> [MATERIAL PROVIDED]

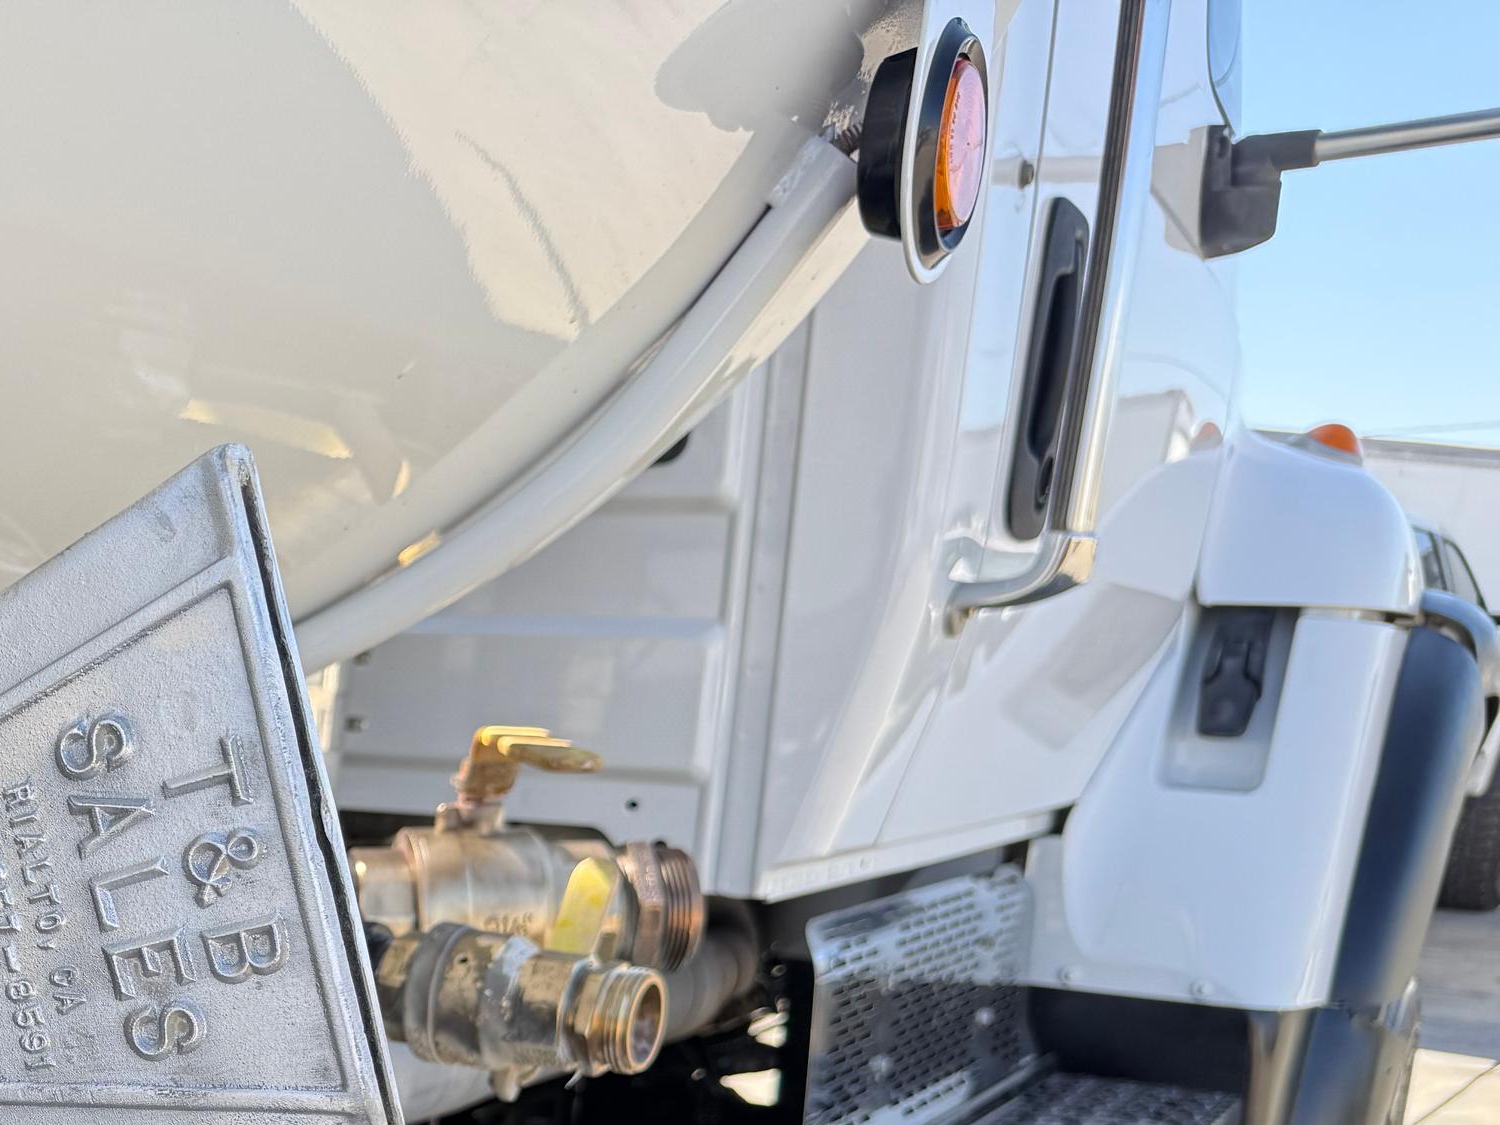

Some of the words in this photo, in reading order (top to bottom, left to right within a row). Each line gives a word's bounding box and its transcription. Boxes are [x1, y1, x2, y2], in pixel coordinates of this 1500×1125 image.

[3, 777, 67, 950] RIALTO,
[50, 963, 88, 1017] CA
[56, 710, 206, 1061] SALES
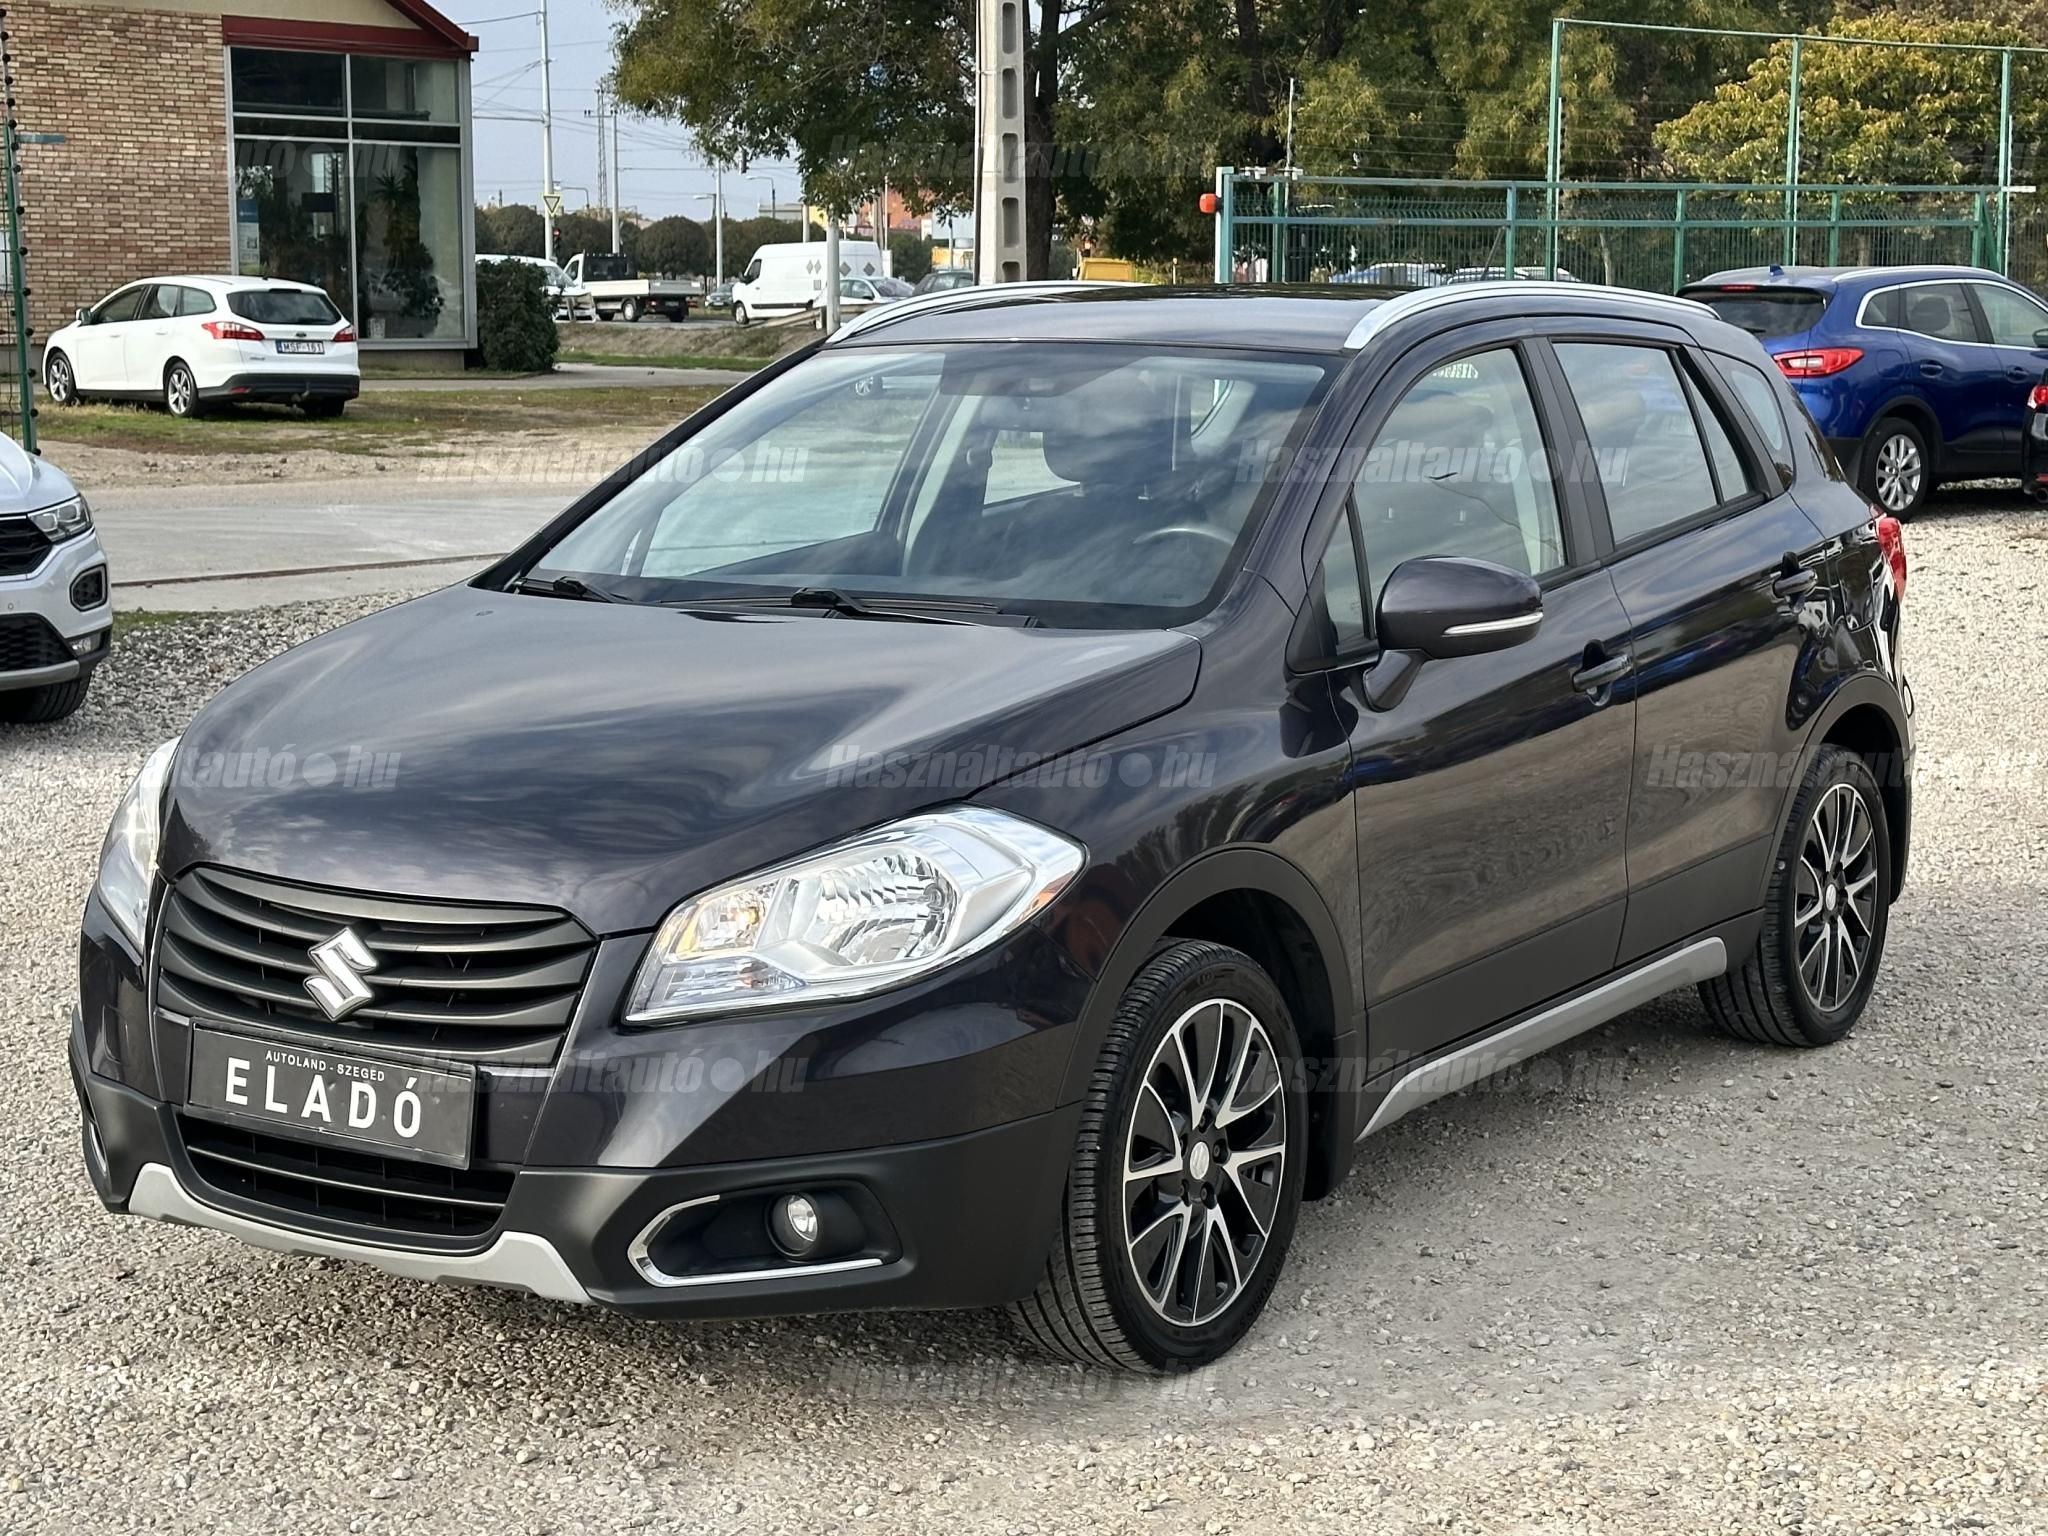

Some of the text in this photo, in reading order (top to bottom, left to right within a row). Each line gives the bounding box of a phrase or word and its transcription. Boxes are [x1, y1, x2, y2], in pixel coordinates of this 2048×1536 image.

[265, 1050, 327, 1072] AUTOLAND
[336, 1063, 386, 1082] SZEGED
[225, 1057, 422, 1138] ELADÓ

> [WHAT IS BEING ASKED] In copying the material, drop all pictures and keep everything else identical.

> [ANSWER TO THIS EXERCISE]
Some of the words in this photo, in reading order (top to bottom, left to right within a row). Each line gives a word's bounding box and its transcription. Boxes are [x1, y1, x2, y2], in pixel coordinates of this 1500×1125 image.

[3, 777, 67, 950] RIALTO,
[50, 963, 88, 1017] CA
[56, 710, 206, 1061] SALES

Some of the text in this photo, in reading order (top to bottom, left to right within a row). Each line gives the bounding box of a phrase or word and its transcription. Boxes are [x1, y1, x2, y2], in pixel coordinates of this 2048×1536 image.

[265, 1050, 327, 1072] AUTOLAND
[336, 1063, 386, 1082] SZEGED
[225, 1057, 422, 1138] ELADÓ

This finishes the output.